▶ **What you are asked to do**
Please print out the entries below unchanged and skip the images.

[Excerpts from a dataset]
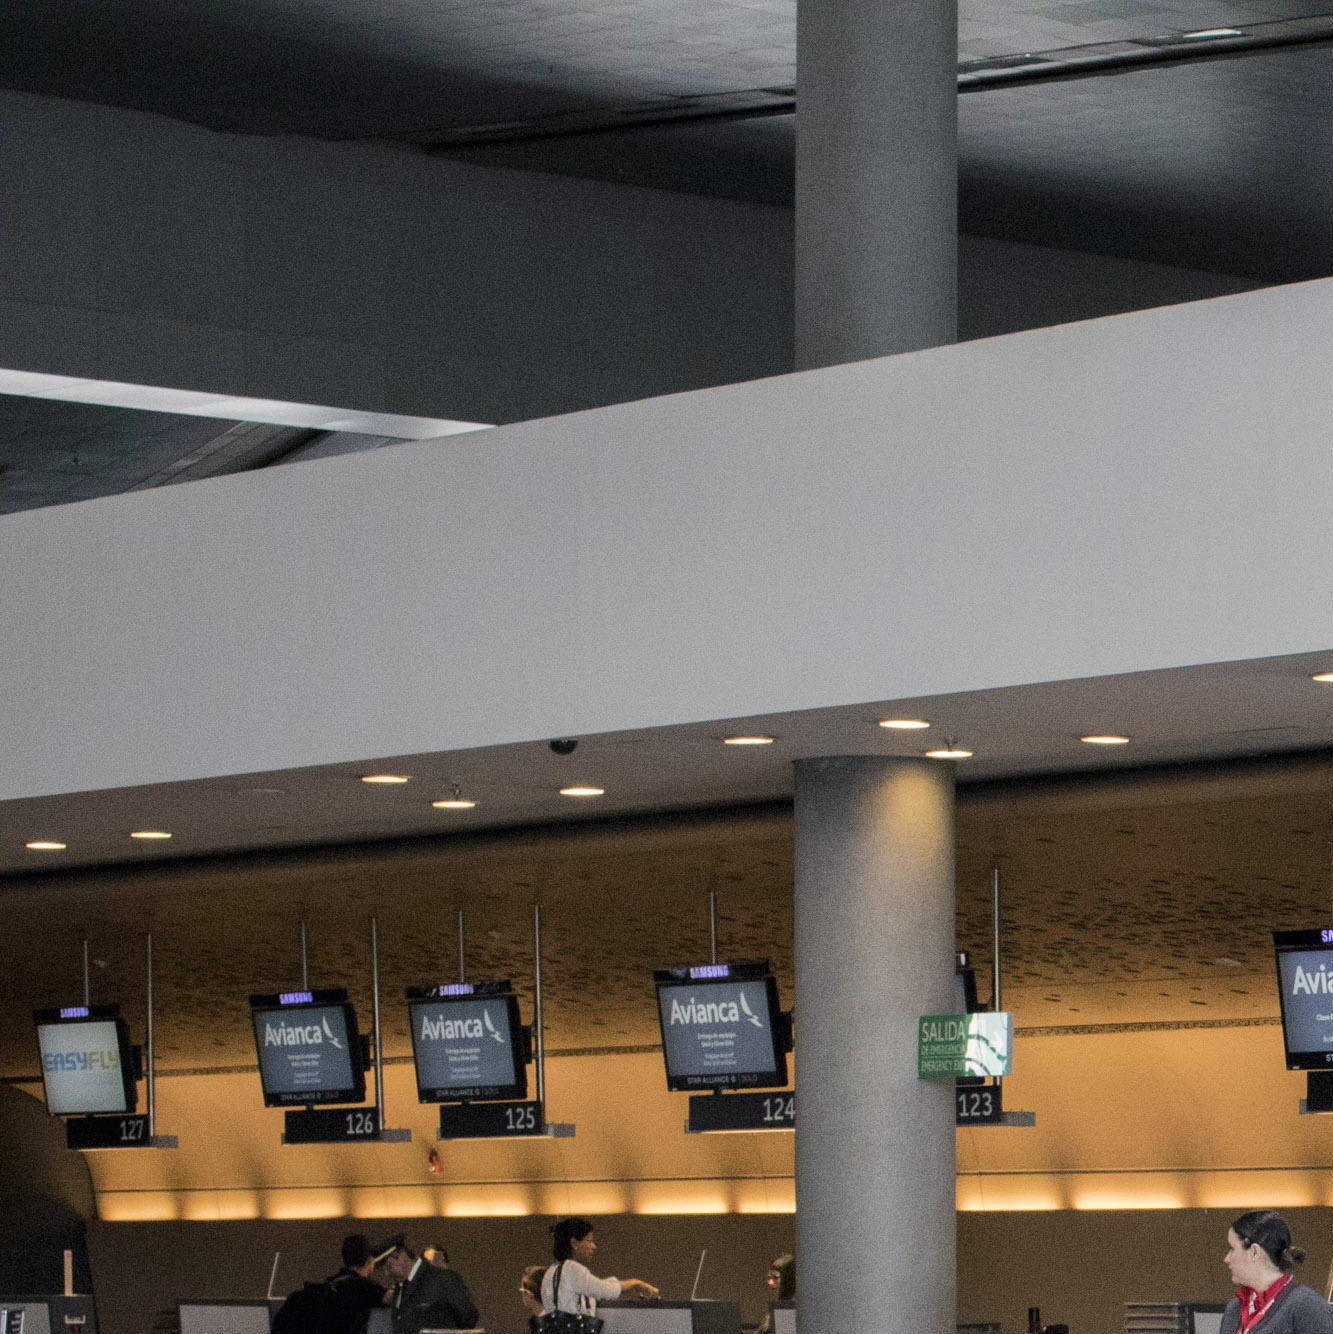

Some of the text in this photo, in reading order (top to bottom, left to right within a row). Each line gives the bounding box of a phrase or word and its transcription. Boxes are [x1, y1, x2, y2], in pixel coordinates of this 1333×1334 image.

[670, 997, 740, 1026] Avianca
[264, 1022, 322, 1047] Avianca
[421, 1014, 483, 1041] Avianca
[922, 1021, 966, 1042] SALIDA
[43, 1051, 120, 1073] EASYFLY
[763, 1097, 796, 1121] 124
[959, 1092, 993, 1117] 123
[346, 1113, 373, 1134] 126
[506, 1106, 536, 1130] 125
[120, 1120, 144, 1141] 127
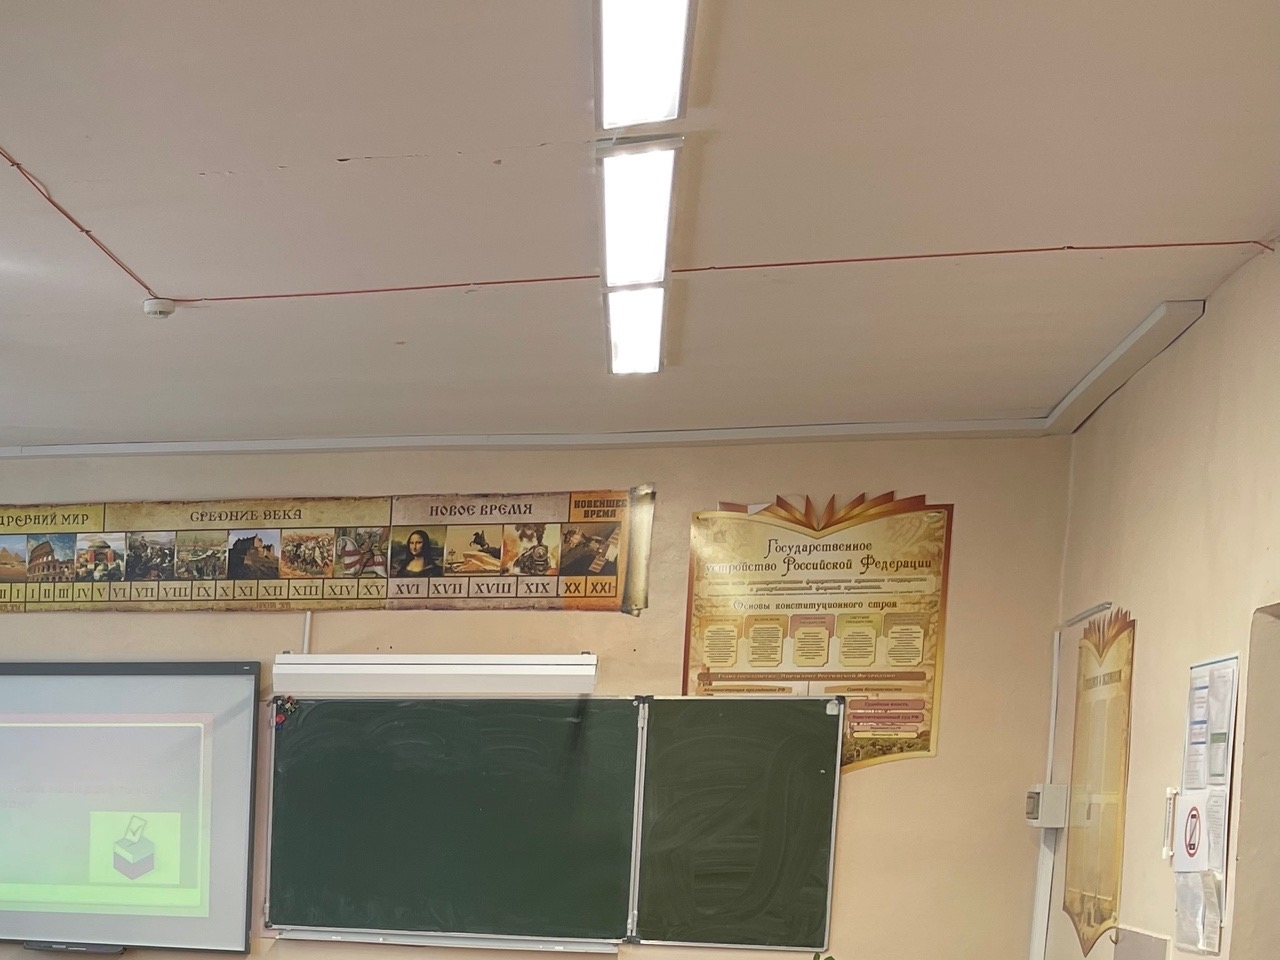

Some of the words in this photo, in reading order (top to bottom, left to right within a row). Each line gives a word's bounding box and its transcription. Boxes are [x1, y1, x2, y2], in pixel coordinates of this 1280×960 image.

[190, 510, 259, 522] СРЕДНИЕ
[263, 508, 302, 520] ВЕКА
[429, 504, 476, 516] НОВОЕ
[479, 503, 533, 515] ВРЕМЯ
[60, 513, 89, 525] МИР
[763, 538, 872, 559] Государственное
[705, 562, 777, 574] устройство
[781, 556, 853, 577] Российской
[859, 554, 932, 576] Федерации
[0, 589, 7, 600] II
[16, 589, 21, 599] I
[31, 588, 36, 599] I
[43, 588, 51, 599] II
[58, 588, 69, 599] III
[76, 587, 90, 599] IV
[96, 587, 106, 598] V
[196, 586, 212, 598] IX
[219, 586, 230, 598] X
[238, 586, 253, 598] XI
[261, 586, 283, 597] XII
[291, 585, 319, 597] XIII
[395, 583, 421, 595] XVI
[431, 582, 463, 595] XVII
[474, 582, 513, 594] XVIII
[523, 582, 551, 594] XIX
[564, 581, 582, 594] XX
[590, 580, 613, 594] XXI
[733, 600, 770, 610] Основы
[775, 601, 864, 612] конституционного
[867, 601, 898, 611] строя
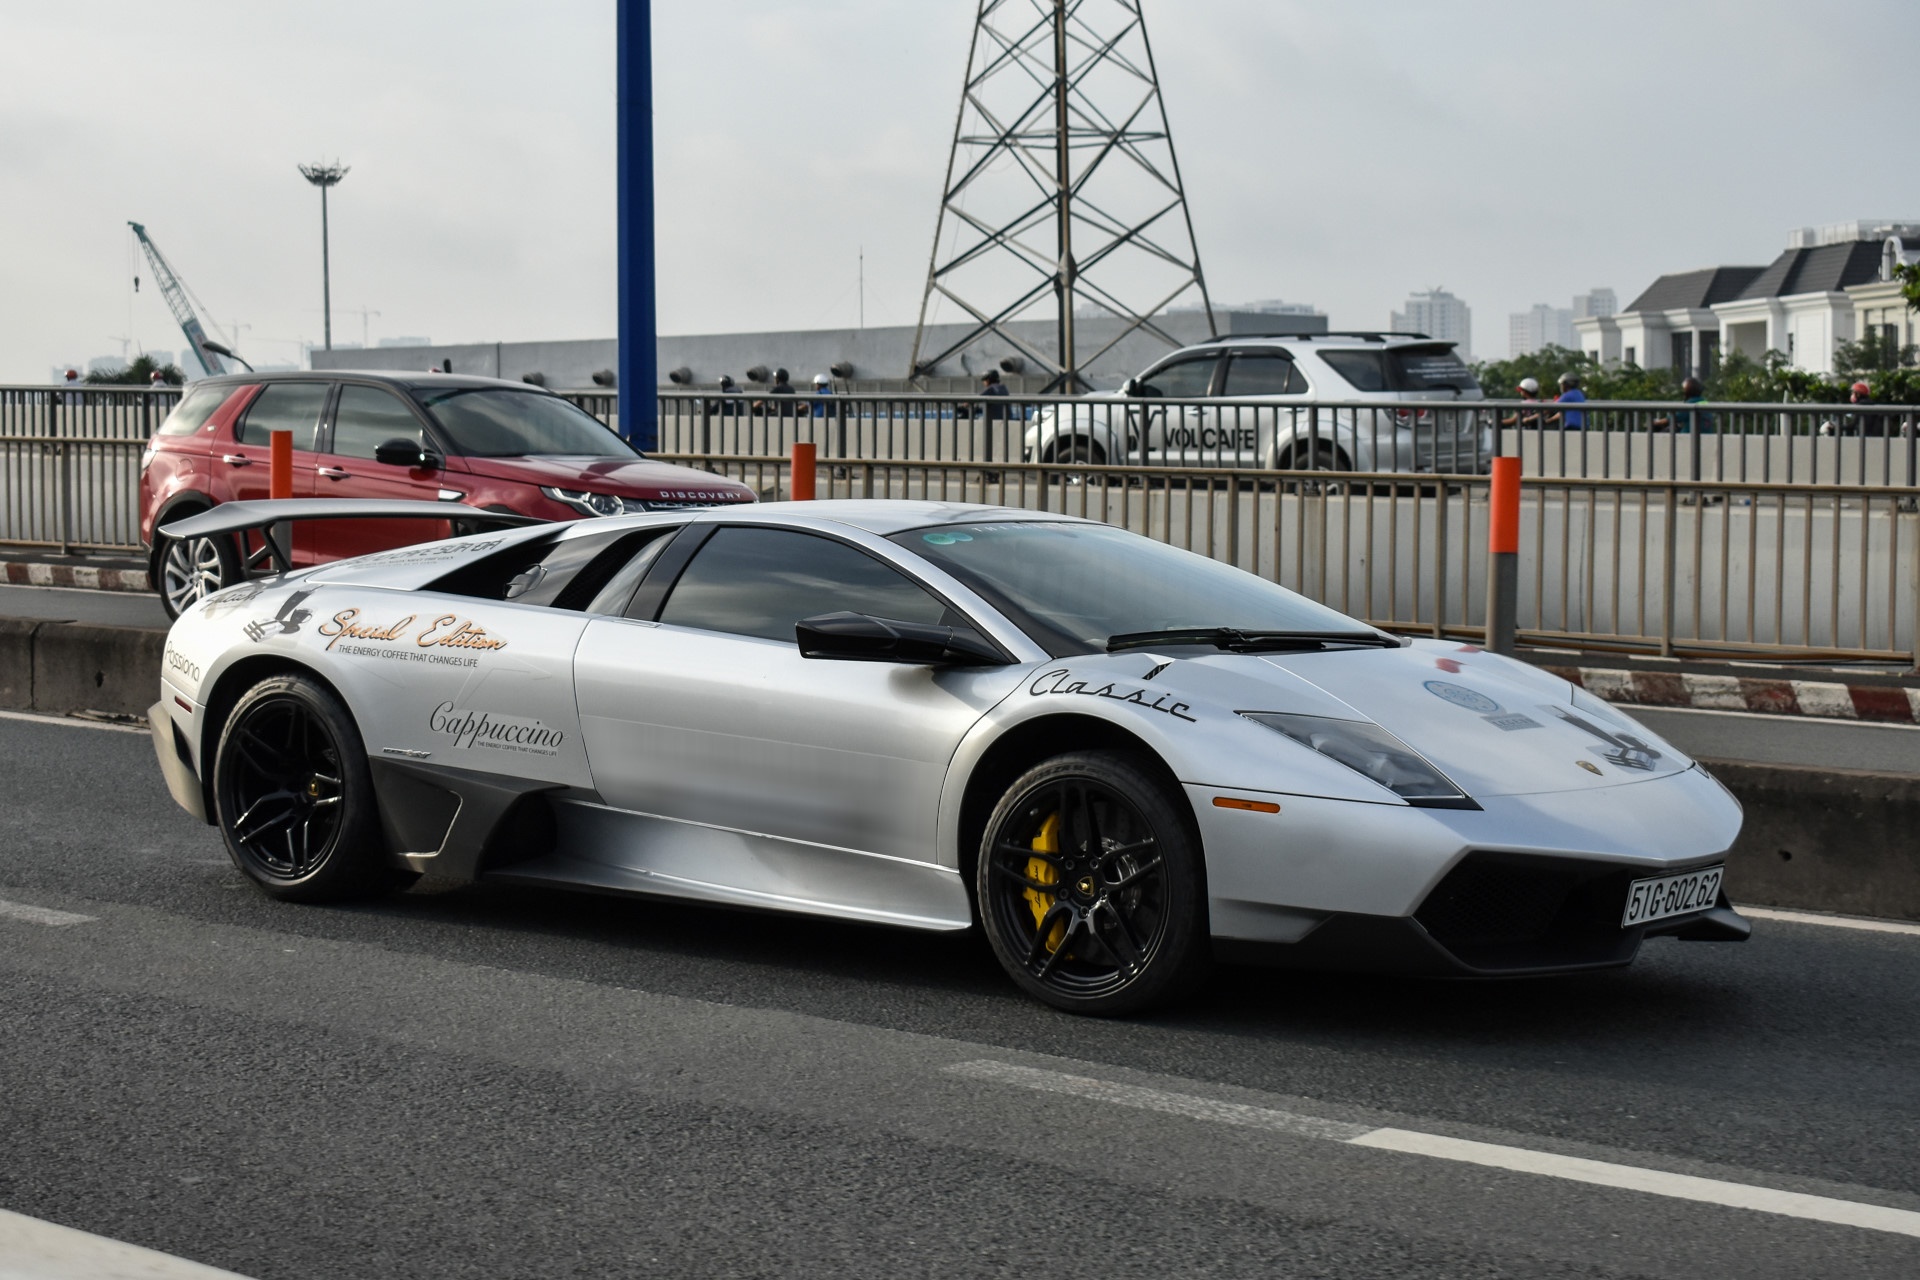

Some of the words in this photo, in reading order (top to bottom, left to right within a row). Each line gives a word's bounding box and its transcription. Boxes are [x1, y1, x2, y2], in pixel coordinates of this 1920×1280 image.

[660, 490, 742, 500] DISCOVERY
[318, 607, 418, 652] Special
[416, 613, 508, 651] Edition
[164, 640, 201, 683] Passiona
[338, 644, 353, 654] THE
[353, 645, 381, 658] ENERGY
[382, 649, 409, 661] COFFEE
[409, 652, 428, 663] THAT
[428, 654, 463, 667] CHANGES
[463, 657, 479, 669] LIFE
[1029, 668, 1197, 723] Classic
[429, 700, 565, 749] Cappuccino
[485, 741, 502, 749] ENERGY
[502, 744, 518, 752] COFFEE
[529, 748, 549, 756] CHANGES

▶ **Solution for this problem**
Some of the text in this photo, in reading order (top to bottom, left to right within a row). Each line gives the bounding box of a phrase or word and its transcription. Boxes are [x1, y1, x2, y2], in pixel coordinates of this 1333×1334 image.

[670, 997, 740, 1026] Avianca
[264, 1022, 322, 1047] Avianca
[421, 1014, 483, 1041] Avianca
[922, 1021, 966, 1042] SALIDA
[43, 1051, 120, 1073] EASYFLY
[763, 1097, 796, 1121] 124
[959, 1092, 993, 1117] 123
[346, 1113, 373, 1134] 126
[506, 1106, 536, 1130] 125
[120, 1120, 144, 1141] 127

Some of the words in this photo, in reading order (top to bottom, left to right within a row). Each line gives a word's bounding box and its transcription. Boxes are [x1, y1, x2, y2], in pixel coordinates of this 1280×960 image.

[190, 510, 259, 522] СРЕДНИЕ
[263, 508, 302, 520] ВЕКА
[429, 504, 476, 516] НОВОЕ
[479, 503, 533, 515] ВРЕМЯ
[60, 513, 89, 525] МИР
[763, 538, 872, 559] Государственное
[705, 562, 777, 574] устройство
[781, 556, 853, 577] Российской
[859, 554, 932, 576] Федерации
[0, 589, 7, 600] II
[16, 589, 21, 599] I
[31, 588, 36, 599] I
[43, 588, 51, 599] II
[58, 588, 69, 599] III
[76, 587, 90, 599] IV
[96, 587, 106, 598] V
[196, 586, 212, 598] IX
[219, 586, 230, 598] X
[238, 586, 253, 598] XI
[261, 586, 283, 597] XII
[291, 585, 319, 597] XIII
[395, 583, 421, 595] XVI
[431, 582, 463, 595] XVII
[474, 582, 513, 594] XVIII
[523, 582, 551, 594] XIX
[564, 581, 582, 594] XX
[590, 580, 613, 594] XXI
[733, 600, 770, 610] Основы
[775, 601, 864, 612] конституционного
[867, 601, 898, 611] строя

Some of the words in this photo, in reading order (top to bottom, left to right within a row). Each line gives a word's bounding box and its transcription. Boxes are [x1, y1, x2, y2], in pixel coordinates of this 1920×1280 image.

[660, 490, 742, 500] DISCOVERY
[318, 607, 418, 652] Special
[416, 613, 508, 651] Edition
[164, 640, 201, 683] Passiona
[338, 644, 353, 654] THE
[353, 645, 381, 658] ENERGY
[382, 649, 409, 661] COFFEE
[409, 652, 428, 663] THAT
[428, 654, 463, 667] CHANGES
[463, 657, 479, 669] LIFE
[1029, 668, 1197, 723] Classic
[429, 700, 565, 749] Cappuccino
[485, 741, 502, 749] ENERGY
[502, 744, 518, 752] COFFEE
[529, 748, 549, 756] CHANGES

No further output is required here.